# Task
If a record holds a picture, leave the picture out and print everything else exactly.

# Data to use

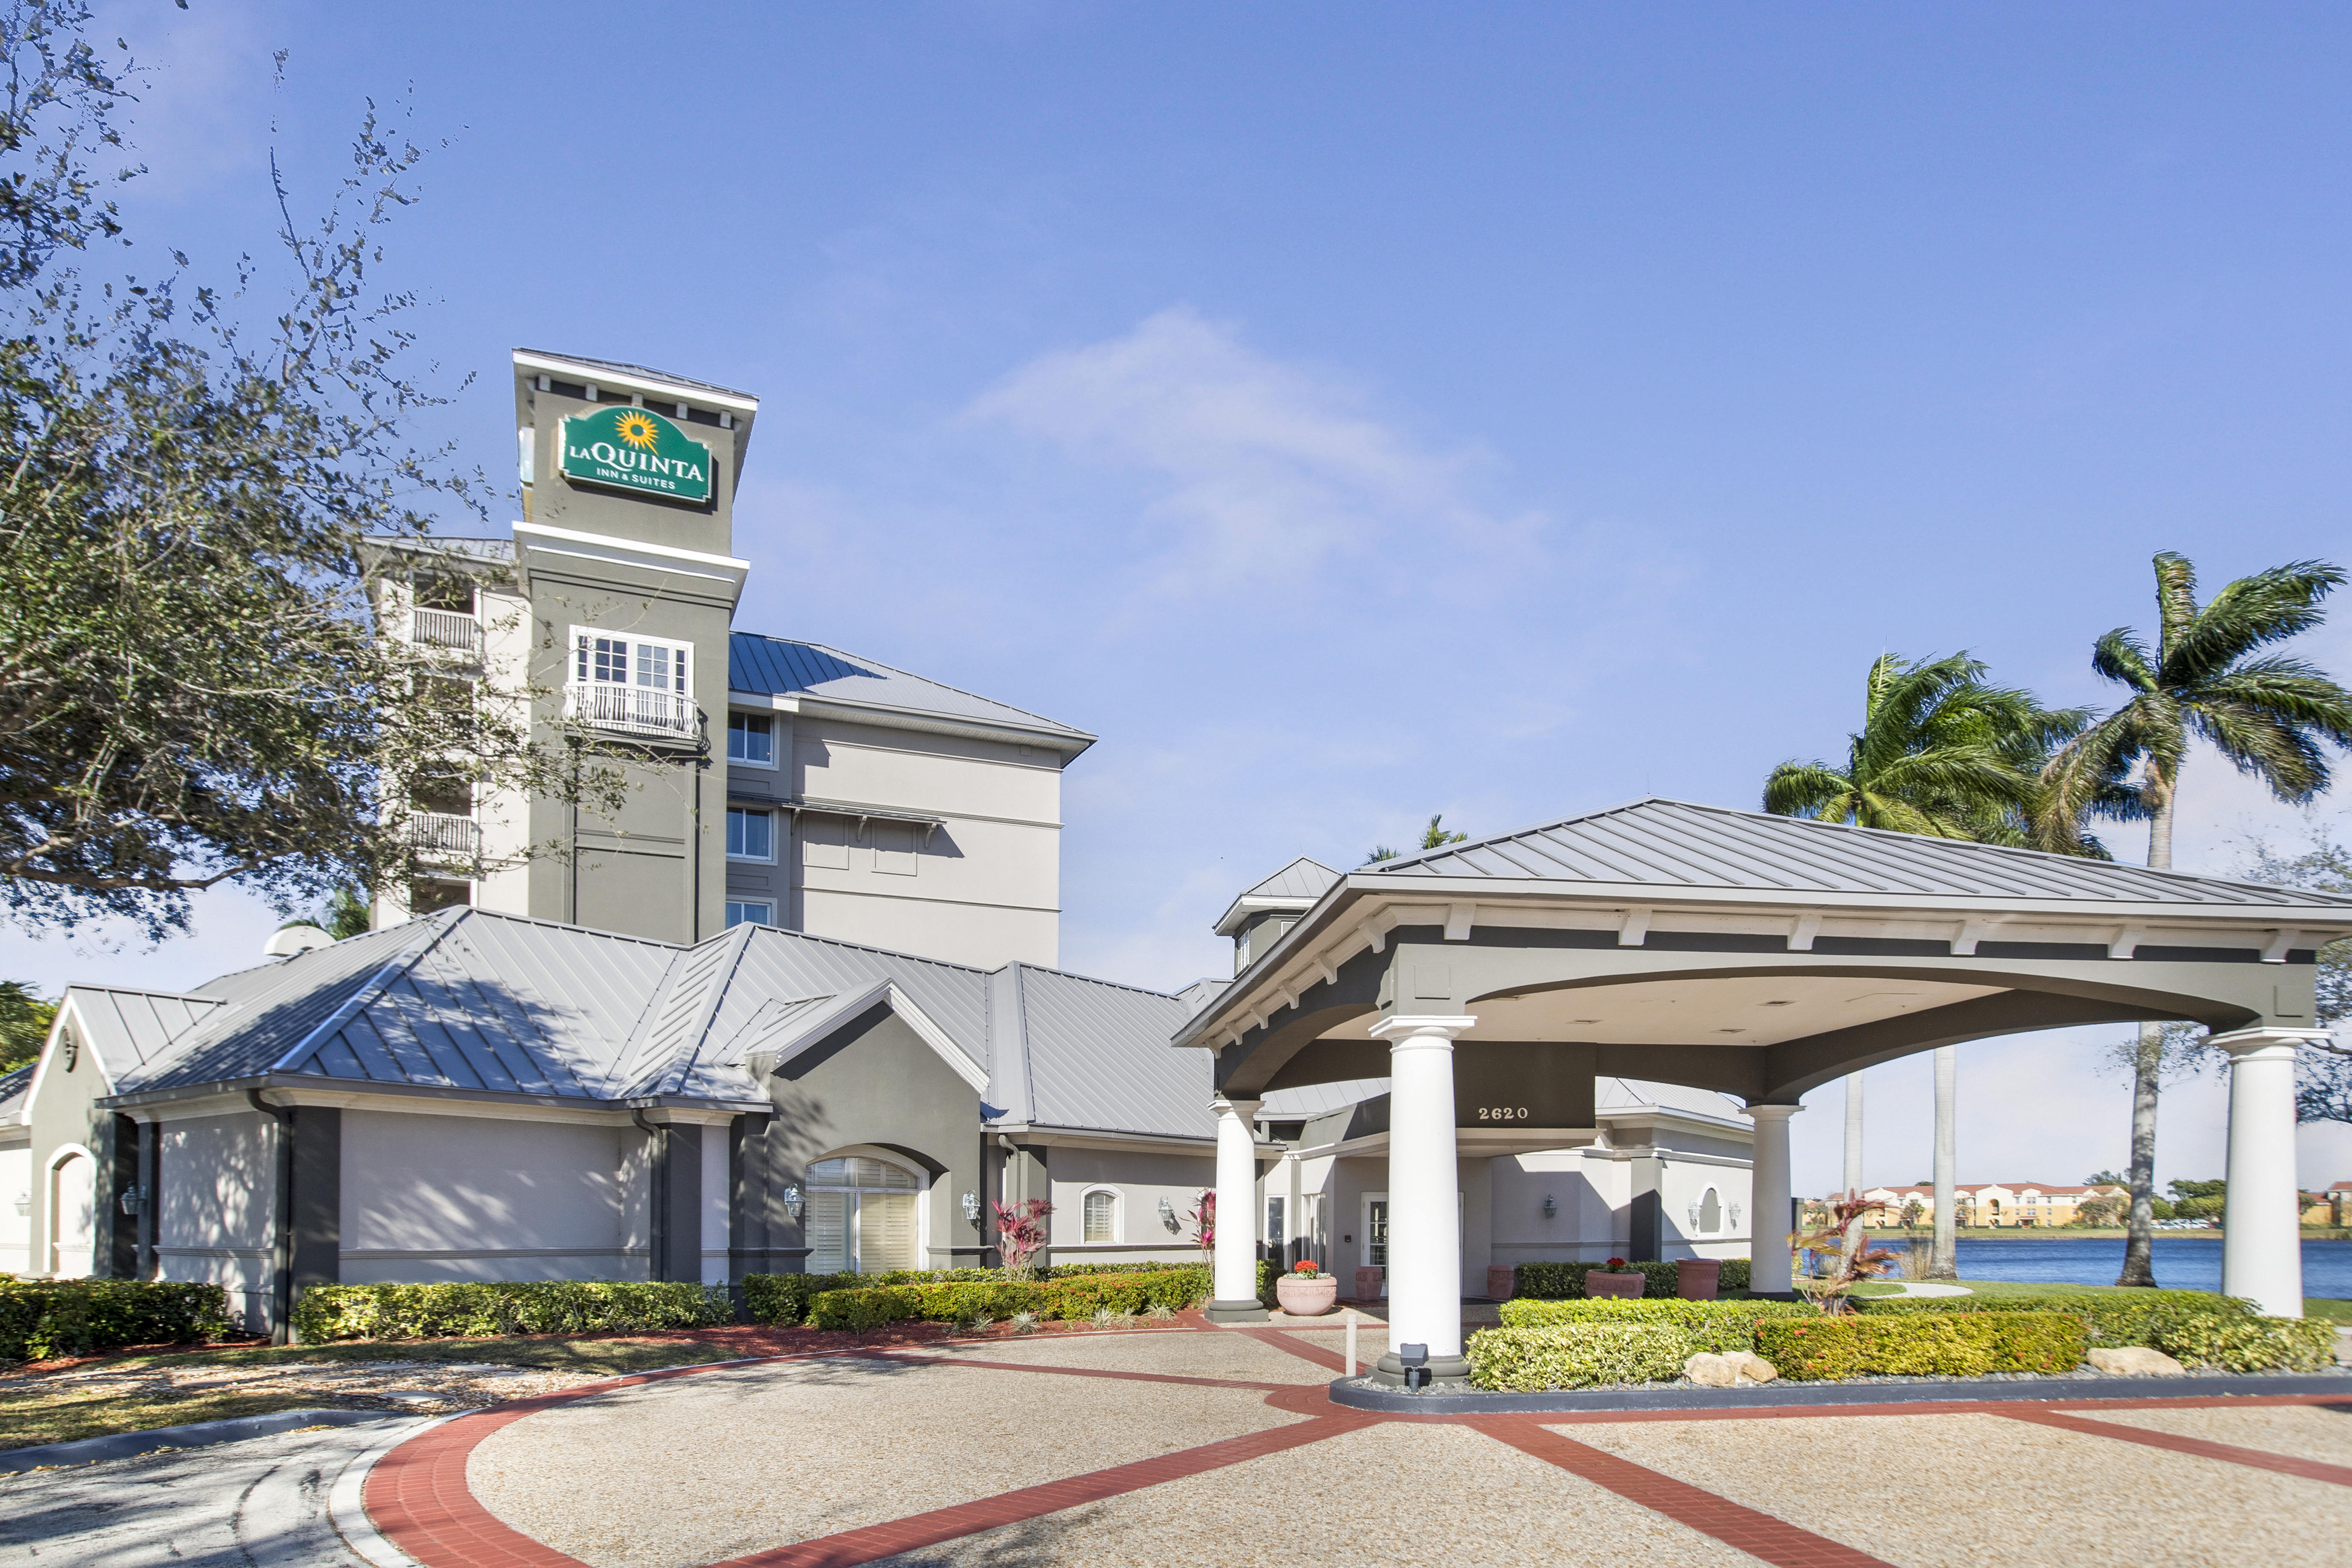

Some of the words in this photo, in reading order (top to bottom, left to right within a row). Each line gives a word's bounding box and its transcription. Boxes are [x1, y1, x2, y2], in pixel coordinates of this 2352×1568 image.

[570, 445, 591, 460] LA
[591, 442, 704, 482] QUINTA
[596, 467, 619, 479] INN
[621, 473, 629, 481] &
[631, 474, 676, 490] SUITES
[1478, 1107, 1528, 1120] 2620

# Completed exercise
Some of the words in this photo, in reading order (top to bottom, left to right within a row). Each line gives a word's bounding box and its transcription. Boxes are [x1, y1, x2, y2], in pixel coordinates of this 2352×1568 image.

[570, 445, 591, 460] LA
[591, 442, 704, 482] QUINTA
[596, 467, 619, 479] INN
[621, 473, 629, 481] &
[631, 474, 676, 490] SUITES
[1478, 1107, 1528, 1120] 2620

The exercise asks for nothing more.